Ziegler, Julia Varga, Wolfgang Reindl, Claudia Pommerenke, Gabriela Salinas-Riester, Andreas Böck, Carl Alpert, Michael
Blaut, Sara C. Polson, Lydia Brandl, Thomas Kirchner, Florian R. Greten, Shawn W. Polson & Melek C. Arkan
[Abstract] Several features common to a Western lifestyle, including obesity and low levels of physical activity, are known
risk factors for gastrointestinal cancers1. There is substantial evidence suggesting that diet markedly affects the composition
of the intestinal microbiota2. Moreover, there is now unequivocal evidence linking dysbiosis to cancer development3.

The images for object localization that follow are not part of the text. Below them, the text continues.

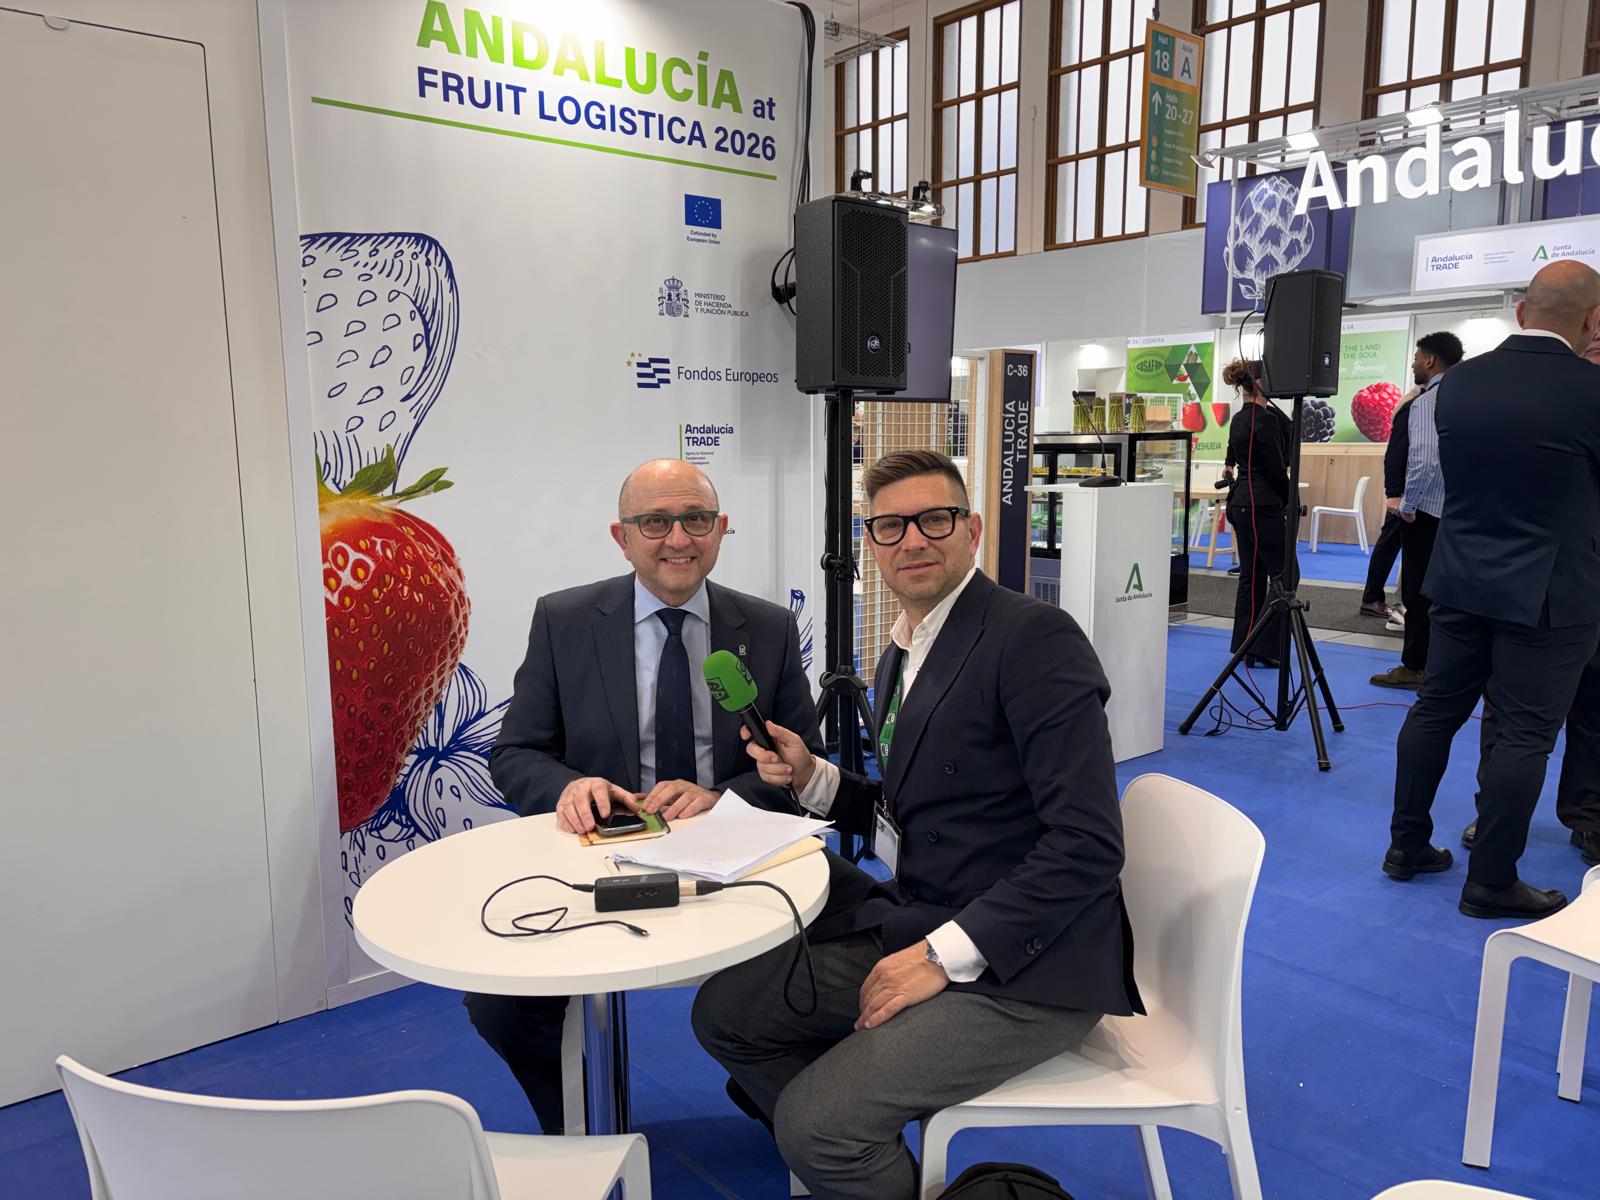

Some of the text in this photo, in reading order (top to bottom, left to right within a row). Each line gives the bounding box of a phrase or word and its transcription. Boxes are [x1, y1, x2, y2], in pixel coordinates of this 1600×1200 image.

[417, 0, 776, 121] ANDALUCÍA at
[1154, 49, 1170, 72] 18
[1181, 56, 1192, 80] A
[417, 66, 776, 162] FRUIT LOGISTICA 2026
[1293, 109, 1600, 217] Andalu
[1430, 262, 1460, 271] TRADE
[1431, 252, 1473, 263] Andalucía
[694, 292, 726, 301] MINISTERIO
[677, 365, 779, 386] Fondos Europeos
[1007, 363, 1028, 377] C-36
[685, 423, 734, 435] Andalucía
[1016, 400, 1029, 462] TRADE
[685, 436, 720, 447] TRADE
[1002, 400, 1017, 505] ANDALUCÍA
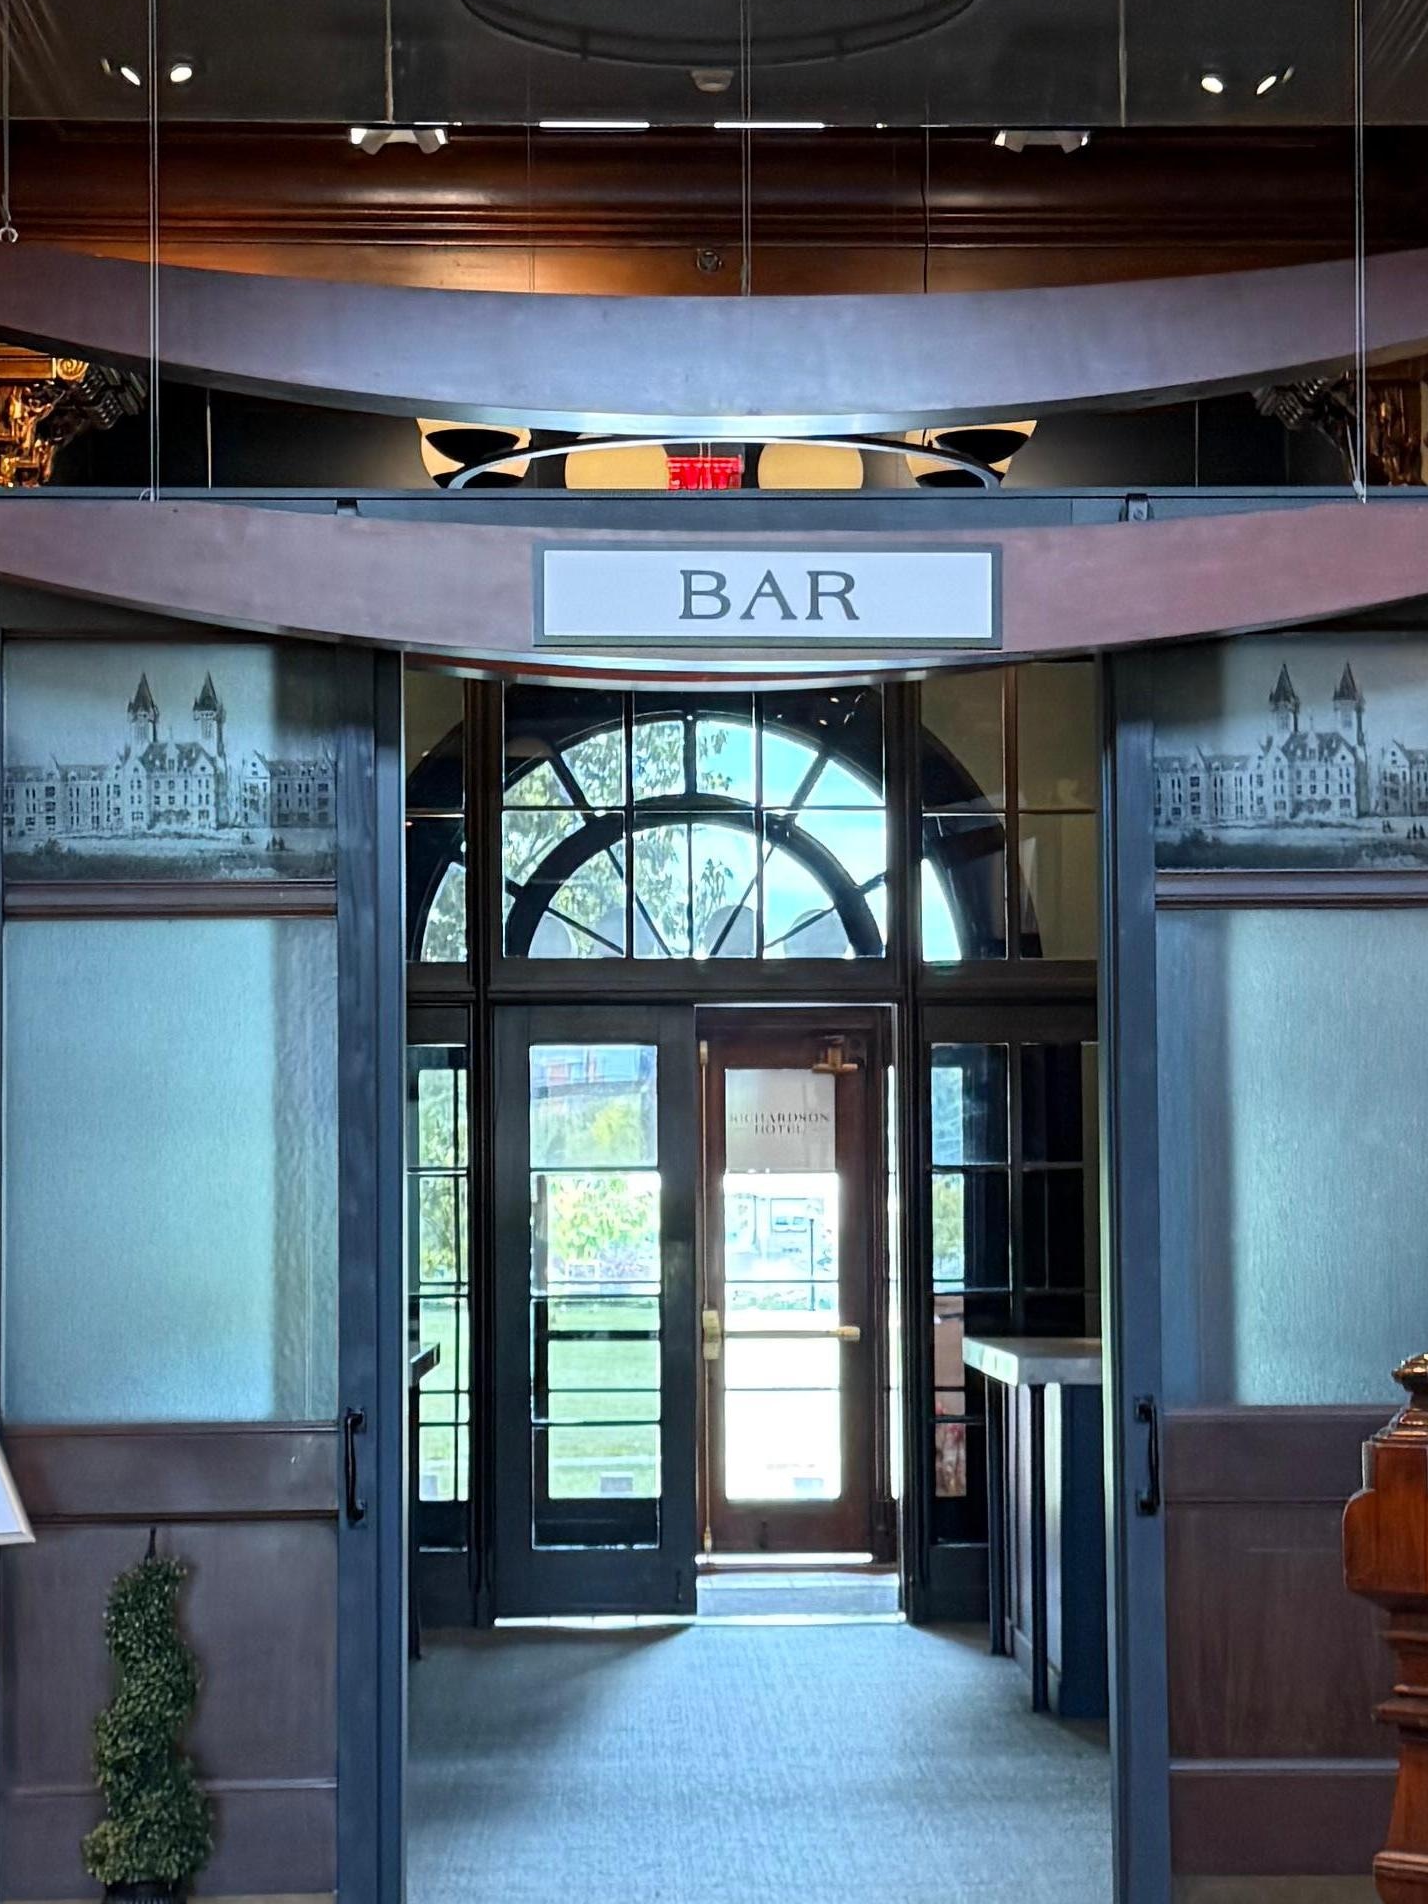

However, the mechanisms by which high-fat diet (HFD)-mediated changes in the microbial community affect the severity
of tumorigenesis in the gut remain to be determined. Here we demonstrate that an HFD promotes tumour progression in
the small intestine of genetically susceptible, K-rasG12Dint, mice independently of obesity. HFD consumption, in
conjunction with K-ras mutation, mediated a shift in the composition of the gut microbiota, and this shift was associated
with a decrease in Paneth-cell-mediated antimicrobial host defence that compromised dendritic cell recruitment and MHC
class II molecule presentation in the gut-associated lymphoid tissues. When butyrate was administered to HFD-fed
K-rasG12Dint mice, dendritic cell recruitment in the gut-associated lymphoid tissues was normalized, and tumour
progression was attenuated. Importantly, deficiency in MYD88, a signalling adaptor for pattern recognition receptors
and Toll-like receptors, blocked tumour progression. The transfer of faecal samples from HFD-fed mice with intestinal
tumours to healthy adult K-rasG12Dint mice was sufficient to transmit disease in the absence of an HFD. Furthermore,
treatment with antibiotics completely blocked HFD-induced tumour progression, suggesting that distinct shifts in the
microbiota have a pivotal role in aggravating disease. Collectively, these data underscore the importance of the reciprocal
interaction between host and environmental factors in selecting a microbiota that favours carcinogenesis, and they suggest
that tumorigenesis is transmissible among genetically predisposed individuals.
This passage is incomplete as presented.